### Exercise requirements
Take the line containing "Some of the words" as the first and the last line of the records below as the end, and please set down only what lies between them exactly, both ends included.

### Exercise input
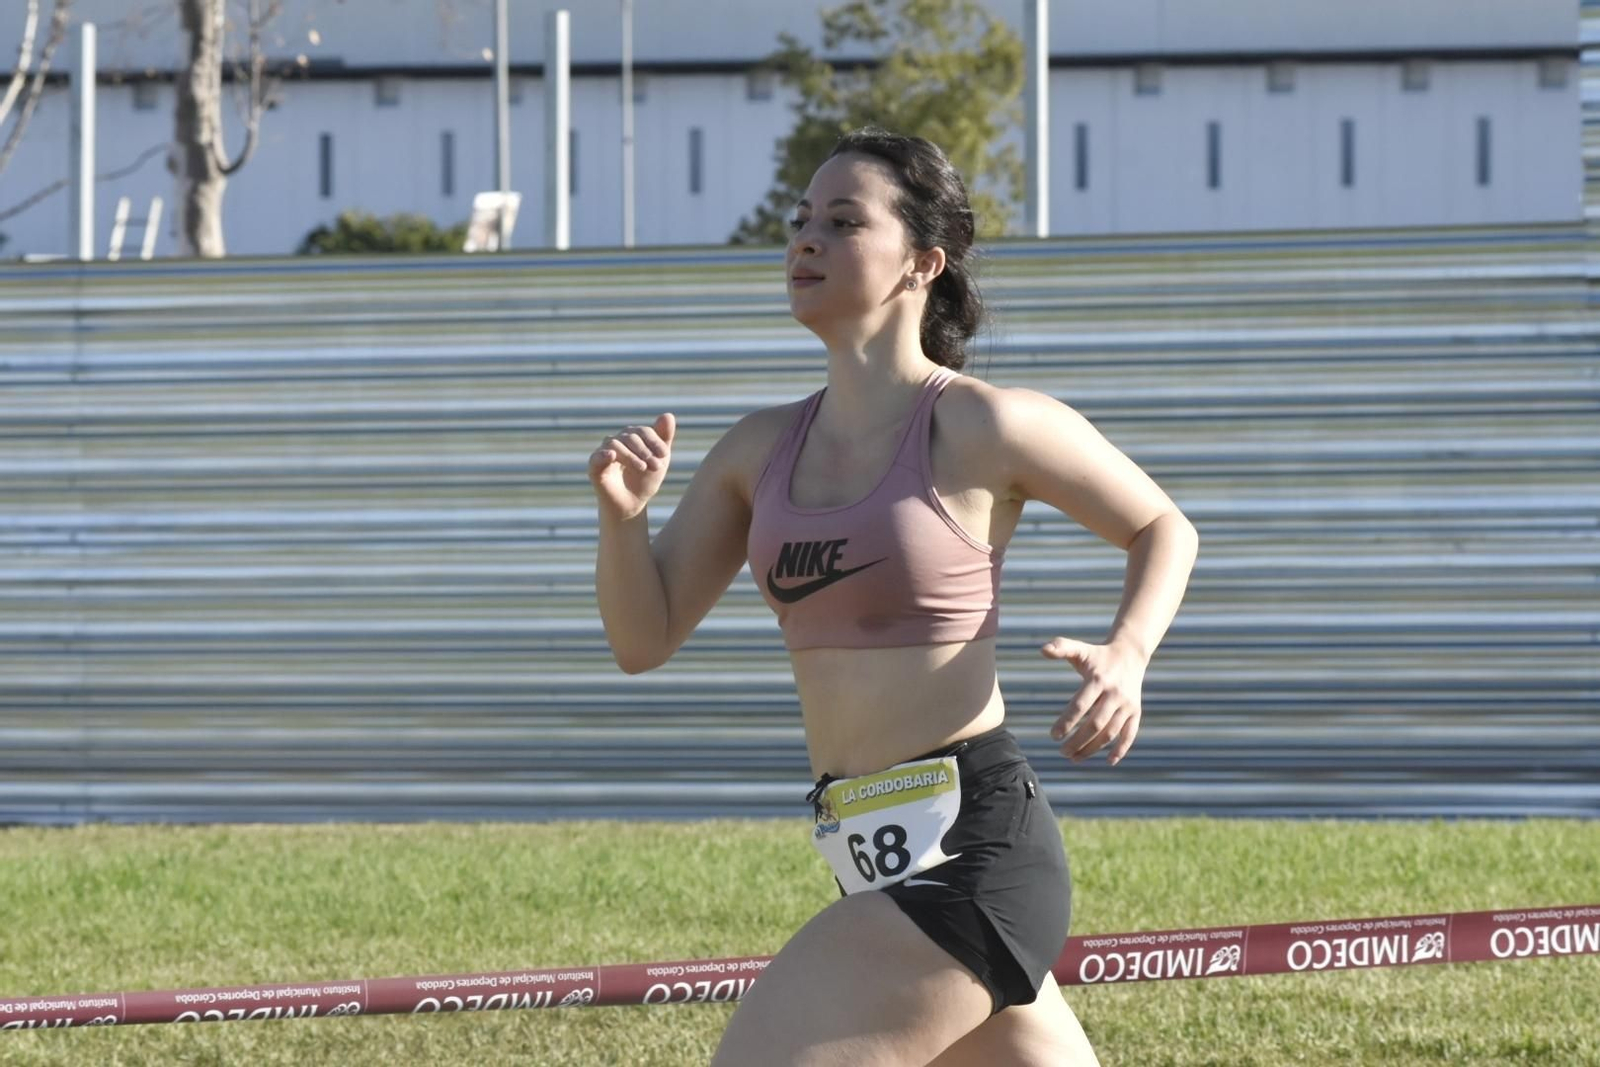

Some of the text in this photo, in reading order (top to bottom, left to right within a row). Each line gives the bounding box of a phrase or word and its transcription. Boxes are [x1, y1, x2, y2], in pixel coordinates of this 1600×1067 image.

[775, 538, 848, 579] NIKE
[842, 770, 949, 804] LA CORDOBARIA
[847, 824, 911, 883] 68
[1326, 922, 1361, 933] Deportes
[1362, 921, 1373, 930] de
[1374, 919, 1412, 930] Municipal
[1414, 917, 1446, 927] Instituto
[1119, 935, 1156, 946] Deportes
[1156, 934, 1168, 943] de
[1168, 932, 1208, 943] Municipal
[1210, 930, 1243, 940] Instituto
[1287, 934, 1409, 971] IMDECO
[686, 963, 725, 975] Deportes
[726, 962, 738, 972] de
[1079, 948, 1204, 983] IMDECO
[499, 976, 511, 985] de
[513, 973, 556, 985] Municipal
[558, 971, 594, 981] Instituto
[457, 976, 497, 988] Deportes
[262, 990, 274, 999] de
[276, 987, 321, 999] Municipal
[323, 984, 361, 995] Instituto
[218, 990, 260, 1001] Deportes
[14, 1002, 28, 1012] de
[30, 1000, 76, 1012] Municipal
[78, 998, 118, 1008] Instituto
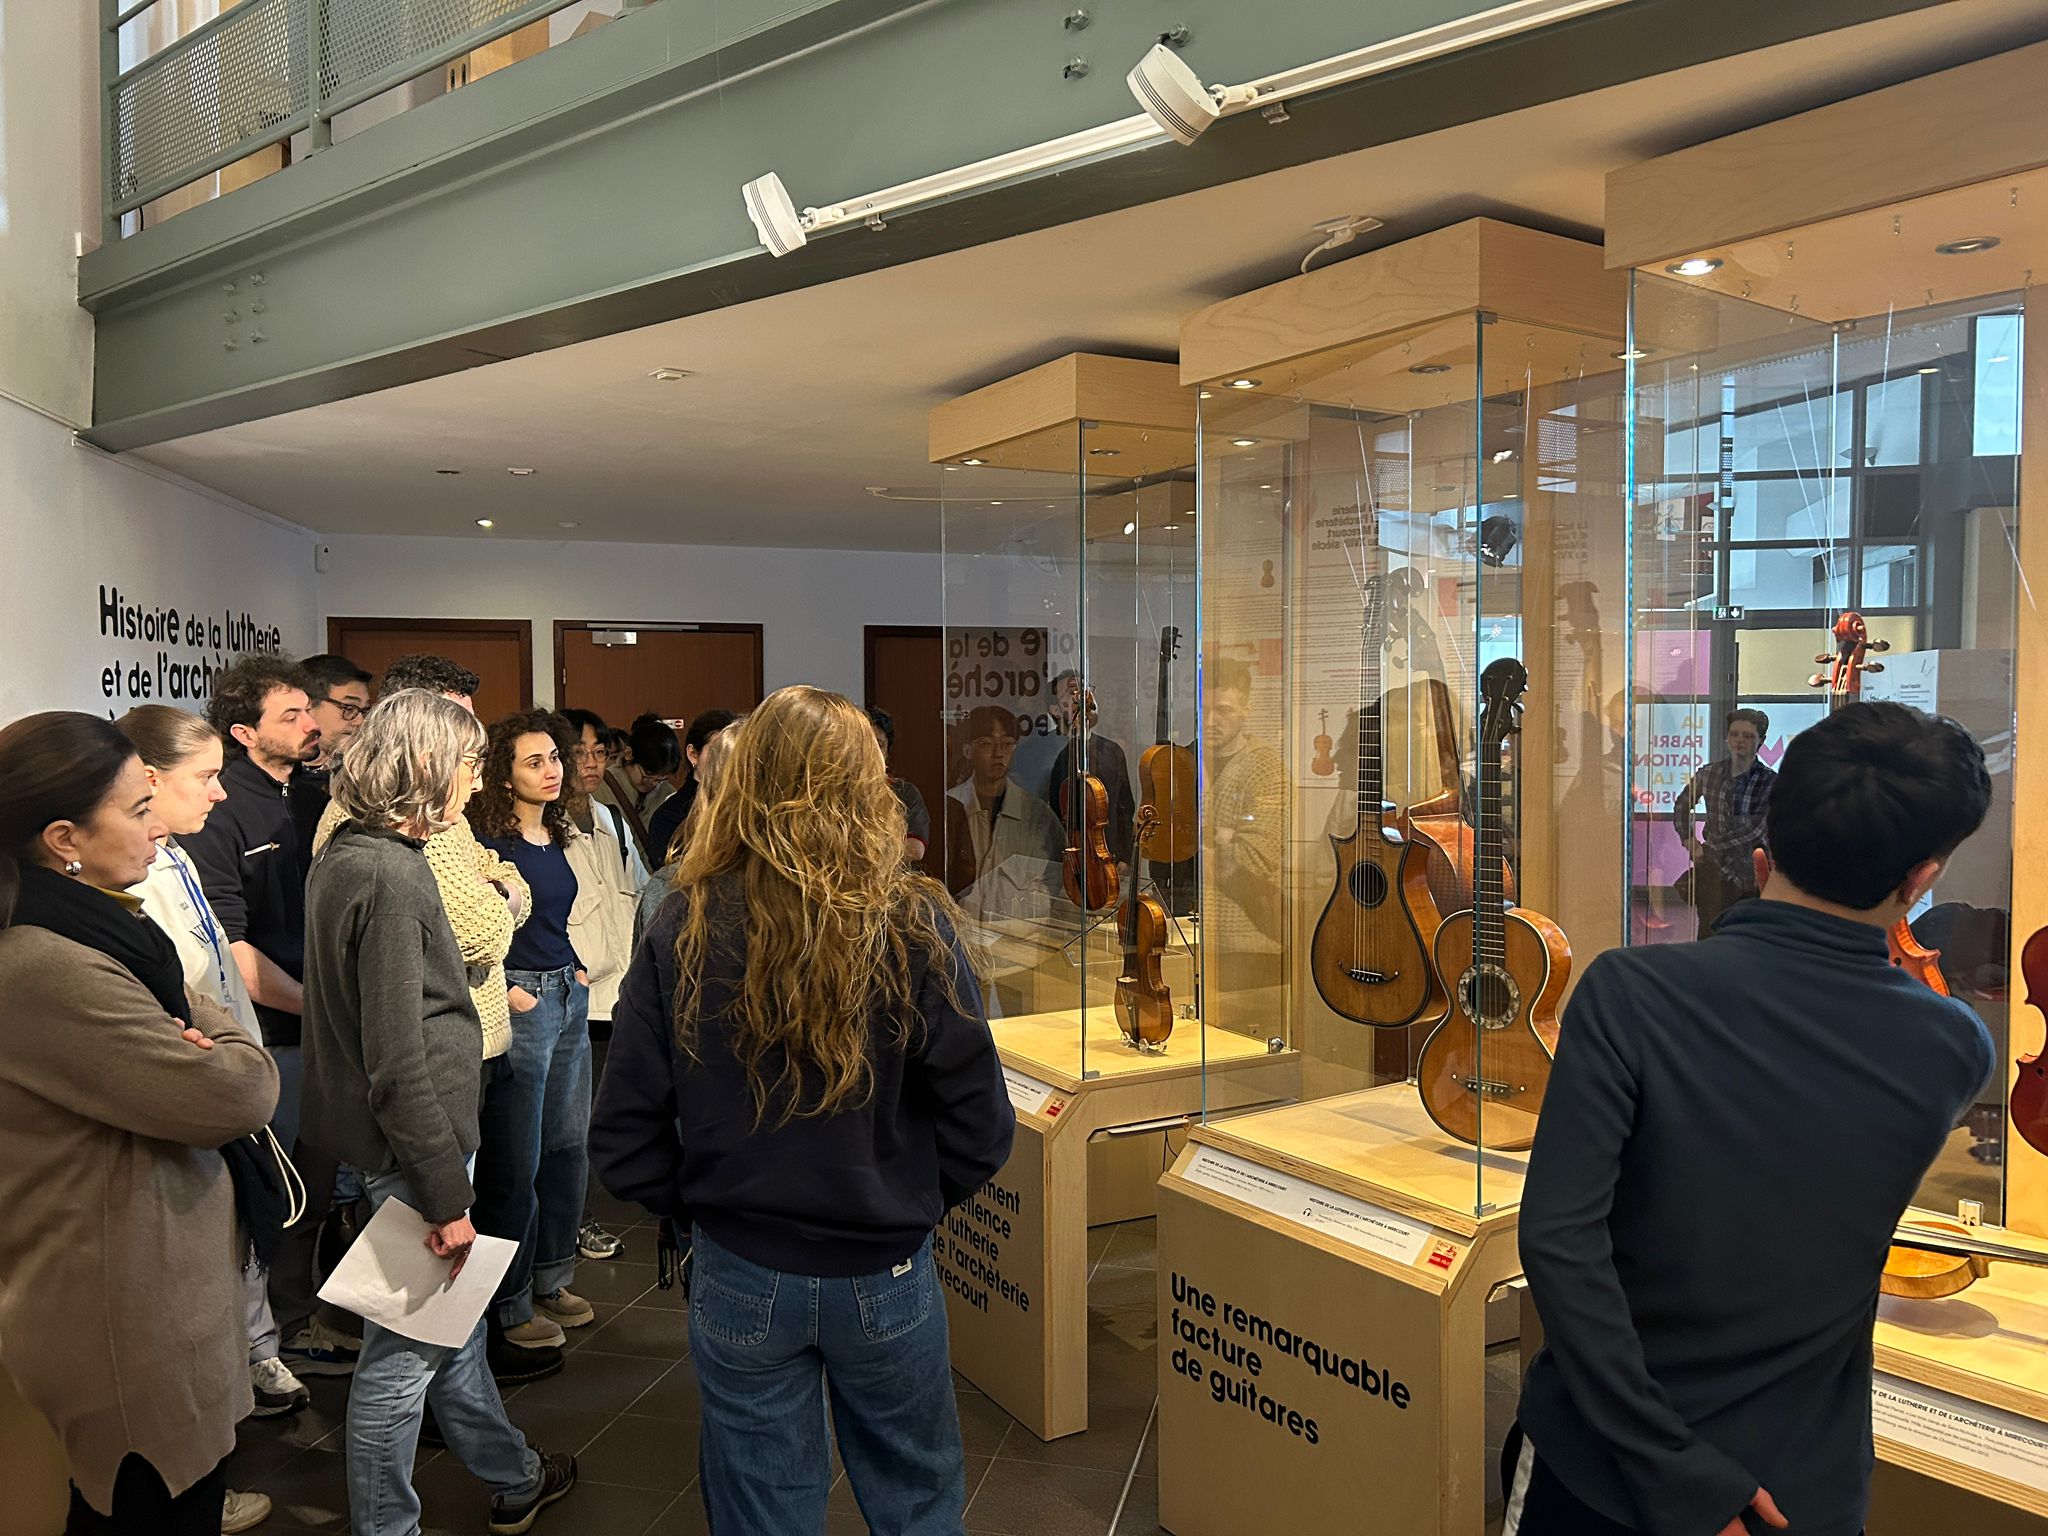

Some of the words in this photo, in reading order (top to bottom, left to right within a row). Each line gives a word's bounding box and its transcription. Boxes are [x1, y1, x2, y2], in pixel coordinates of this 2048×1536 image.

[100, 584, 180, 646] Histoire
[185, 613, 204, 648] de
[208, 616, 221, 650] la
[225, 608, 281, 655] lutherie
[101, 659, 122, 697] et
[127, 660, 152, 698] de
[960, 1196, 1011, 1239] ellence
[982, 1181, 1020, 1215] ment
[947, 1209, 999, 1262] lutherie
[933, 1255, 988, 1314] irecourt
[948, 1238, 1029, 1312] l'archèterie
[1171, 1271, 1217, 1317] Une
[1223, 1302, 1411, 1410] remarquable
[1171, 1308, 1262, 1376] facture
[1171, 1347, 1203, 1382] de
[1209, 1369, 1319, 1445] guitares
[1898, 1397, 1928, 1411] LUTHERIE
[1948, 1413, 1996, 1433] L'ARCHÈTERIE
[1996, 1427, 2003, 1435] À

### Answer box
Some of the words in this photo, in reading order (top to bottom, left to right within a row). Each line gives a word's bounding box and its transcription. Boxes are [x1, y1, x2, y2], in pixel coordinates of this 2048×1536 image.

[100, 584, 180, 646] Histoire
[185, 613, 204, 648] de
[208, 616, 221, 650] la
[225, 608, 281, 655] lutherie
[101, 659, 122, 697] et
[127, 660, 152, 698] de
[960, 1196, 1011, 1239] ellence
[982, 1181, 1020, 1215] ment
[947, 1209, 999, 1262] lutherie
[933, 1255, 988, 1314] irecourt
[948, 1238, 1029, 1312] l'archèterie
[1171, 1271, 1217, 1317] Une
[1223, 1302, 1411, 1410] remarquable
[1171, 1308, 1262, 1376] facture
[1171, 1347, 1203, 1382] de
[1209, 1369, 1319, 1445] guitares
[1898, 1397, 1928, 1411] LUTHERIE
[1948, 1413, 1996, 1433] L'ARCHÈTERIE
[1996, 1427, 2003, 1435] À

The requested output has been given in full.